Menanggapi kebaikannya, Su benar-benar terdiam.

Sesuai rencana yang telah ia putuskan beberapa waktu lalu, Su mengenakan seragamnya, mengencangkan delapan kancing seukuran koin di area-area penting. Kemudian, ia menempatkan dua bilah pendek sepanjang setengah meter yang dapat bergetar pada frekuensi tinggi ke dalam sarung di dekat pahanya, serta melengkapi dirinya dengan pistol ringan dan halus. Kekuatan pistol itu tidak besar, dan jangkauan tembaknya juga agak terbatas, tetapi sepenuhnya dipasangkan dengan peluru elektromagnetik berenergi tinggi. Terhadap berbagai peralatan elektronik dan sistem jaringan, pistol itu memiliki daya hancur yang luar biasa. Terakhir, ia memasang busur panah yang dapat menembakkan delapan anak panah paduan di bagian luar lengannya. Busur panah jenis ini, bersama dengan bantuan elektromagnetiknya, dapat menembus pelat baja setebal tiga sentimeter pada jarak dekat. Obat-obatan, suntikan, dan stimulan penting juga telah disiapkan.

Barulah setelah menyelesaikan persiapannya, Su meninggalkan apartemennya. Selain senapan kaliber besar, perlengkapan Su saat ini sudah sepenuhnya siap untuk berperang. Perjalanannya ke Kastil Merah Gelap seharusnya cukup aman, tetapi Su khawatir rute kepulangannya tidak akan seaman itu.

Di alun-alun blok itu, transportasi yang diatur oleh Permaisuri Laba-laba sudah menunggu. Sama seperti sebelumnya, itu adalah armada kendaraan kecil yang terdiri dari tiga mobil. Tepat ketika Su berjalan menuju mobil-mobil itu, dia tiba-tiba mendengar suara mesin bergemuruh. Barisan panjang kendaraan memasuki alun-alun, dan setelah berbelok lebar, mereka menuju ke ujung jalan yang lain. Ketika kendaraan-kendaraan itu bergerak di antara mobil-mobil Permaisuri Laba-laba, semuanya berhenti.

Mata Su tiba-tiba menyipit!

Pintu kendaraan off-road yang panjang tiba-tiba terbuka, dan seorang tetua keluar. Senyumnya sangat tulus, tetapi ketika matanya tertuju pada wajah Su, tatapannya setajam pisau. Dia berjalan menghampiri Su dengan langkah besar, lalu mengulurkan tangan kanannya. “Anda seharusnya Letnan Kolonel Su! Halo, saya Lamar Fabregas, seorang tetua keluarga Fabregas, sekaligus ayah Ricardo!”

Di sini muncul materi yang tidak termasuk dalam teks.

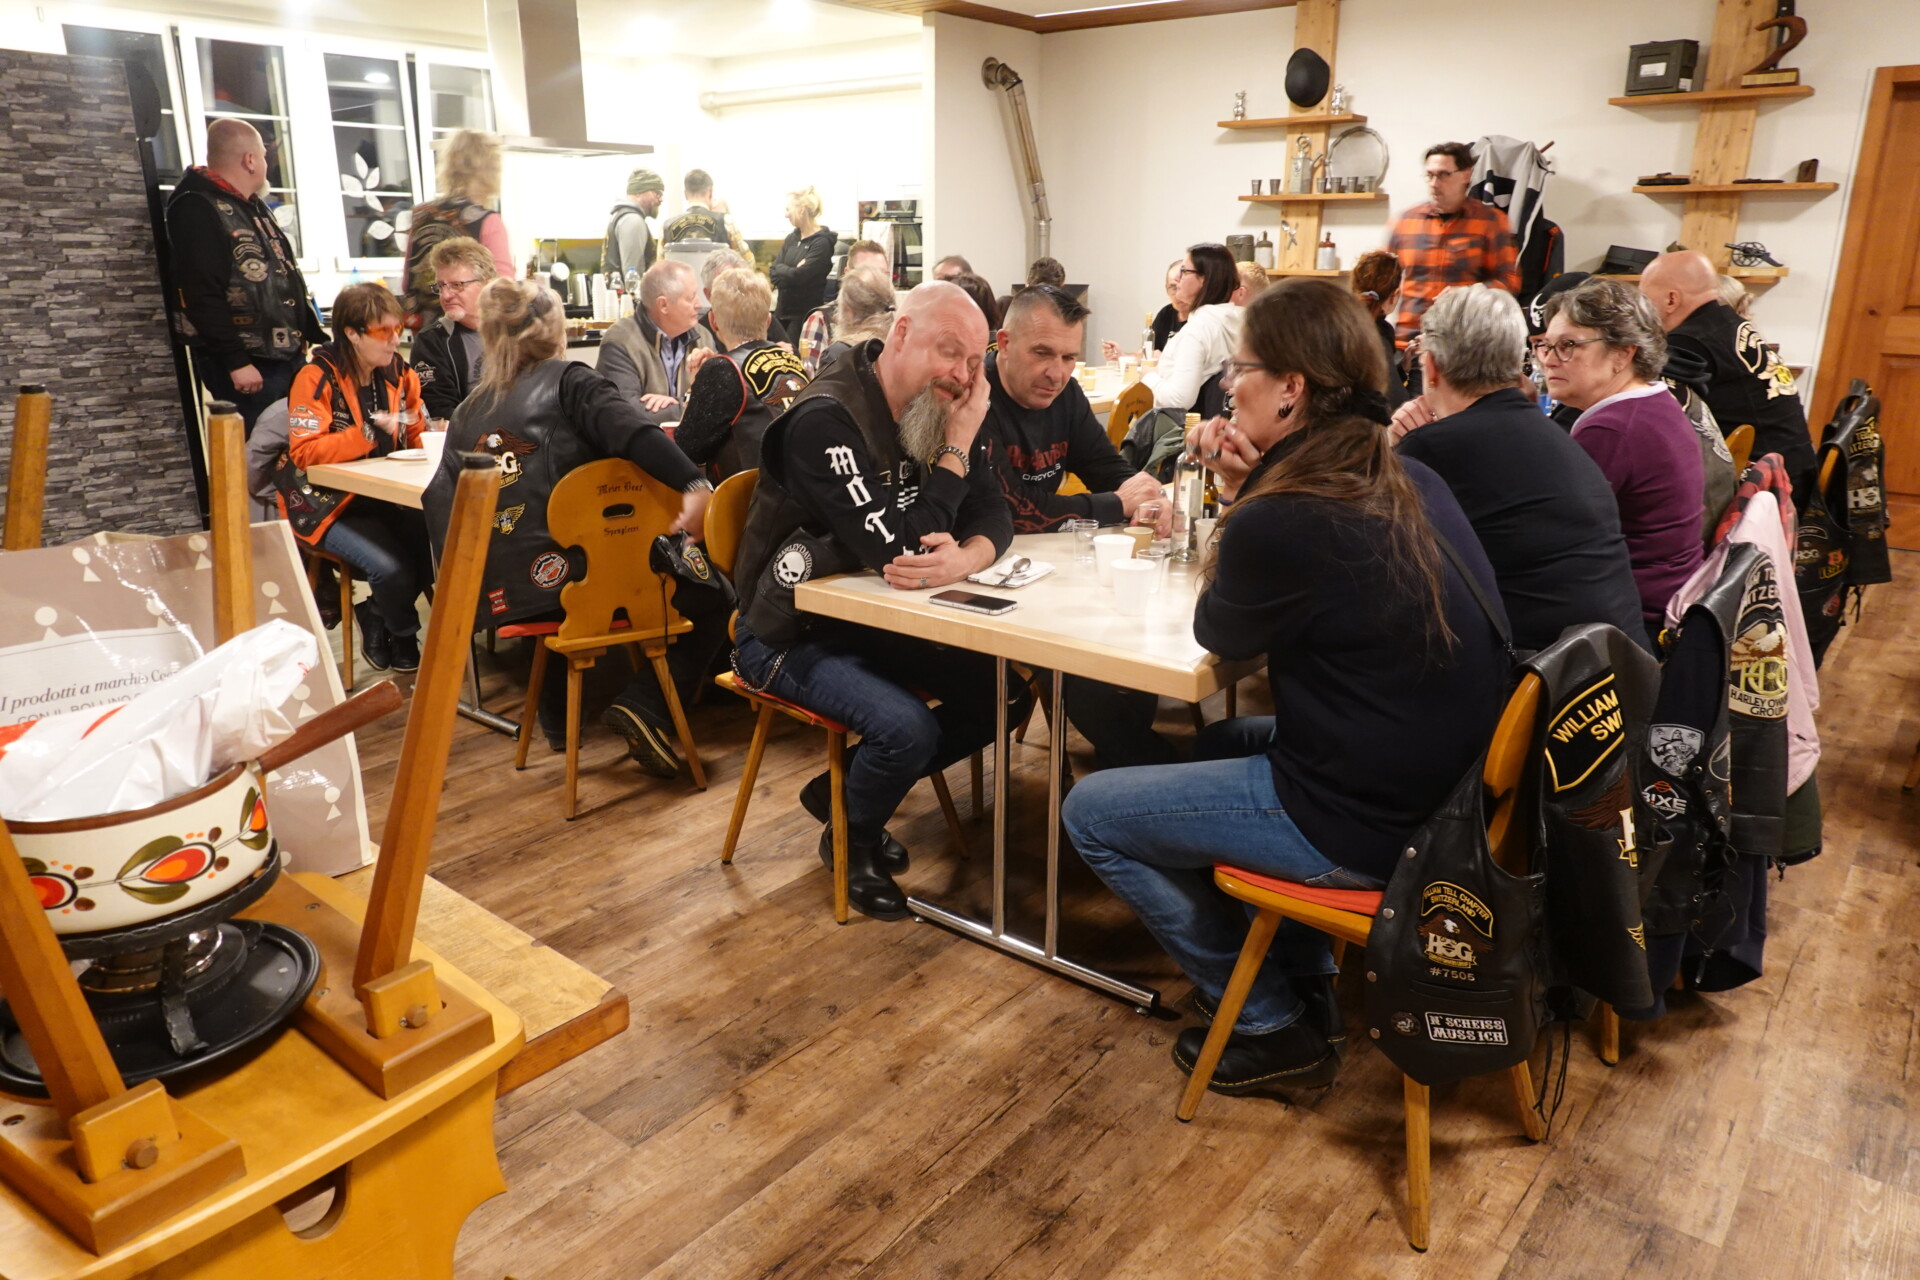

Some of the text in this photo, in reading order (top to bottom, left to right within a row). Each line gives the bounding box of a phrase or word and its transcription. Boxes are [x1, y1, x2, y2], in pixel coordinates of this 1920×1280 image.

[10, 683, 77, 715] prodotti
[80, 684, 90, 695] a
[1730, 688, 1767, 710] HARLEY
[1552, 690, 1619, 743] WILLIAM
[1749, 704, 1785, 718] GROUP
[1442, 886, 1458, 899] TELL
[1459, 893, 1490, 921] CHAPTER
[1429, 966, 1476, 982] #7505
[1445, 1017, 1503, 1031] SCHEISS
[1432, 1026, 1505, 1043] MUSS ICH

Saat berhadapan dengan lelaki tua yang tidak memiliki banyak kemampuan bertarung ini, Su tetap berhati-hati. Namun, ia tetap harus menjaga kesopanan seminimal mungkin, karena bagaimanapun juga, kalimat terakhir lelaki tua itu menyebutkan bahwa ia adalah ayah Ricardo. Setelah bertarung bersama dalam berbagai kesempatan, Su telah lama menganggap Ricardo sebagai rekan seperjuangan yang dapat ia andalkan.

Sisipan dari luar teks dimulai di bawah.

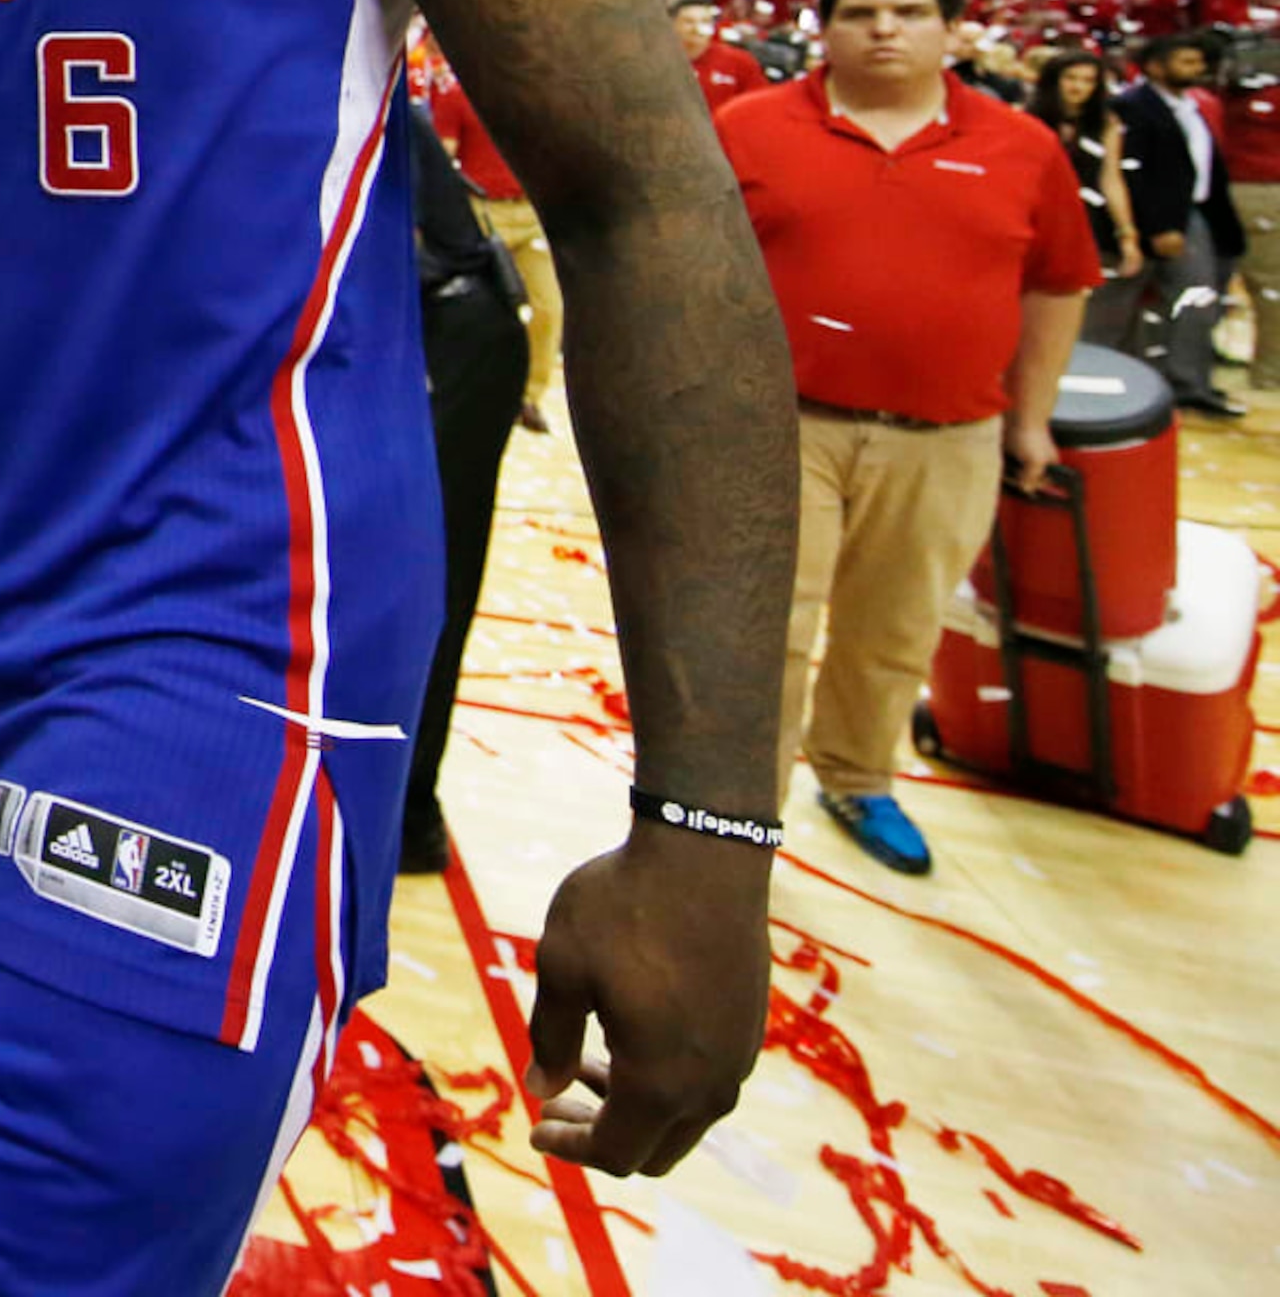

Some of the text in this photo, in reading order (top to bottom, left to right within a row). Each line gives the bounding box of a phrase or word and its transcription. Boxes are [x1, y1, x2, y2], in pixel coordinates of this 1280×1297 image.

[37, 30, 139, 197] 6
[49, 841, 100, 870] adidas
[154, 865, 198, 899] 2XL

“Suatu kehormatan bertemu dengan Anda, saya Su.” Su akhirnya menggenggam tangan Fabregas Tua. Tangannya tak disangka terasa kokoh, mantap, dan hangat.

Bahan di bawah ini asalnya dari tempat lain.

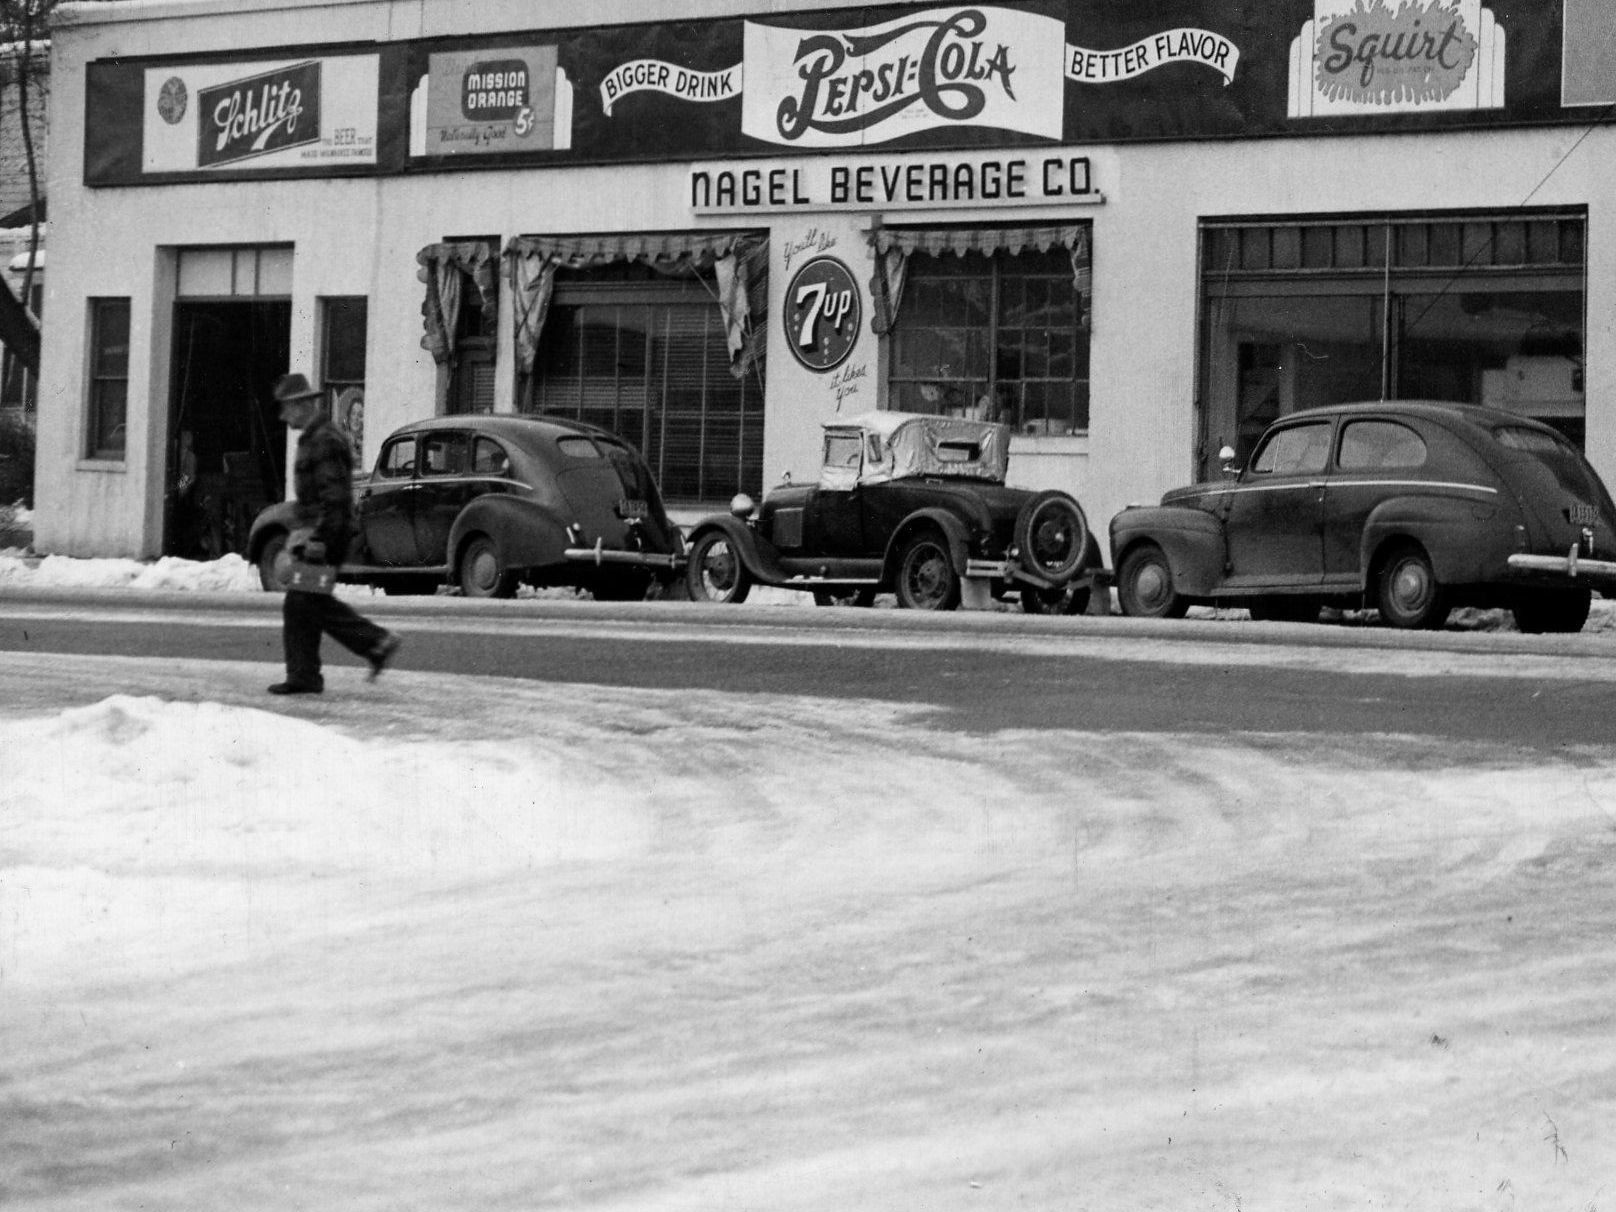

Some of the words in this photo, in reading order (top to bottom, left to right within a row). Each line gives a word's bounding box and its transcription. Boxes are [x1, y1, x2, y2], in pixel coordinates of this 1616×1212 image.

Fabregas Tua cukup terkejut dengan kelembutan tangan kanan Su, tetapi dia jelas tidak akan menunjukkan keterkejutannya di wajahnya, sama seperti dia tidak akan secara terbuka mengomentari penampilan Su. Seolah-olah dia hanya membicarakan hal-hal sehari-hari, dia berkata, “Saya baru saja akan melihat keadaan Ricardo di rumah sakit. Letnan Kolonel Su, Anda mau ke mana?”

Setelah ragu sejenak, Su berkata, “Jalan Raya A20.”

Jalan Raya A20 terletak di sudut tenggara Kota Naga, dan melalui jalan itu, seseorang dapat langsung mencapai dermaga menuju Kastil Merah Gelap. Lambang Permaisuri Laba-laba yang mencolok pada ketiga kendaraan off-road itu tidak dapat disembunyikan meskipun mereka mencoba.

“Sungguh kebetulan, sepertinya kita akan menempuh jalan yang sama untuk waktu yang cukup lama. Kenapa kau tidak naik mobilku saja dan aku akan mengantarmu sebagian jalan? Ada sesuatu yang perlu kau periksa.” Fabregas tua mengajak dengan cukup antusias, tetapi jelas ada sesuatu yang lain di matanya juga.

Su berpikir sejenak, lalu menjawab, “Dengan senang hati.”